[INPUT MATERIAL Boundary: Start]

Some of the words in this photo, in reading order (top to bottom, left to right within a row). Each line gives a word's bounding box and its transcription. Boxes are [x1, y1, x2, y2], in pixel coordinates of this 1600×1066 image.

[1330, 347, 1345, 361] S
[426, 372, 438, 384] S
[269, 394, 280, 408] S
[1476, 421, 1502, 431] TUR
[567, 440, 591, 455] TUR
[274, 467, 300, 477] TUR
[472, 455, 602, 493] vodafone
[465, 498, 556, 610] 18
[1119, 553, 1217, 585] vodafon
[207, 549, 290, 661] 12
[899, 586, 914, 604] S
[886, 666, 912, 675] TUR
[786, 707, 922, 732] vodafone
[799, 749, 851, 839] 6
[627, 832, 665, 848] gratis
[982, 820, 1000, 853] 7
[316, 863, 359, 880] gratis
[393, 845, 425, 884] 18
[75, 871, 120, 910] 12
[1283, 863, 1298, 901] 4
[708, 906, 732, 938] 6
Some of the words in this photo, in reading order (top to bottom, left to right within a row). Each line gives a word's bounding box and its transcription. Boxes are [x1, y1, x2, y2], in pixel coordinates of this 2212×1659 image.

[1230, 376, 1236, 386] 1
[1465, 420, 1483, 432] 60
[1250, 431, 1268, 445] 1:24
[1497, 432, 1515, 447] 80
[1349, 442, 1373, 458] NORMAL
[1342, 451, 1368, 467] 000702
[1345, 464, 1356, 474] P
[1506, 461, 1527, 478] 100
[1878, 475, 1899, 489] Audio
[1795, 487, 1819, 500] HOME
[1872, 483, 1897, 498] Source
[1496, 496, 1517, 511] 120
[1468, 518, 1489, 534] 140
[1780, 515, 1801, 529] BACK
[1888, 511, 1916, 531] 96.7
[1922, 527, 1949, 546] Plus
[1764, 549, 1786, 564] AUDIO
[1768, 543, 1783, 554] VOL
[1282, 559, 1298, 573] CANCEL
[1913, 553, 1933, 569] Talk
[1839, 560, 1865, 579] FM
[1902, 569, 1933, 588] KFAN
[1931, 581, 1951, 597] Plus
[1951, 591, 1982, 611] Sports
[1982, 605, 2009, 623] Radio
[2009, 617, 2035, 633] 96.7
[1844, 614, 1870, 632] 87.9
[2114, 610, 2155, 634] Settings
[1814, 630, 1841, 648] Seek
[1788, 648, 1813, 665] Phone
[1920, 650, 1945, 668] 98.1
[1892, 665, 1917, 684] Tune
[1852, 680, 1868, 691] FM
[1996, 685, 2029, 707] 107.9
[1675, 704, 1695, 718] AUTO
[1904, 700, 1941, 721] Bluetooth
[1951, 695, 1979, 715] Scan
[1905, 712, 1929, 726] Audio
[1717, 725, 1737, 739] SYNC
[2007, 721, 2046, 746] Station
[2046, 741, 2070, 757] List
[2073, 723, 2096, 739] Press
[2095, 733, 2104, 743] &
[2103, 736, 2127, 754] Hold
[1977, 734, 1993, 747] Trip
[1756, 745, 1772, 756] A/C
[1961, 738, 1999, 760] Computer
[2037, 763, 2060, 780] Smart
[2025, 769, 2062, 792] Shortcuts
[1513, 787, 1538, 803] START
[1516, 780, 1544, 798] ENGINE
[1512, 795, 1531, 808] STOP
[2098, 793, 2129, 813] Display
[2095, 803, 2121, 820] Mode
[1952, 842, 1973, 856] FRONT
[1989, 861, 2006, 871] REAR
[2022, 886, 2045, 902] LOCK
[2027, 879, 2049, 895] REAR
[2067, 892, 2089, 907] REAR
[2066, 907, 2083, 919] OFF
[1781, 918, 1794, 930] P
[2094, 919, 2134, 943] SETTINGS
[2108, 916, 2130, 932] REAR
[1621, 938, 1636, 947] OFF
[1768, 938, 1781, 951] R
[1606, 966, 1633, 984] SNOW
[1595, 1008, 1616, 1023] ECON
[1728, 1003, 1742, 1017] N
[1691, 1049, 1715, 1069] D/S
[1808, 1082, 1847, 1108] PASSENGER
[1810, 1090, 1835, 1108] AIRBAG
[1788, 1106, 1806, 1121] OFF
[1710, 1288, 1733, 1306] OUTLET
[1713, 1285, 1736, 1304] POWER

[INPUT MATERIAL Boundary: End]

→ **PROBLEM**:
Work out how many lines in this data contain "REAR". Only that number should be given.

→ **RESULT OF THIS EXERCISE**:
4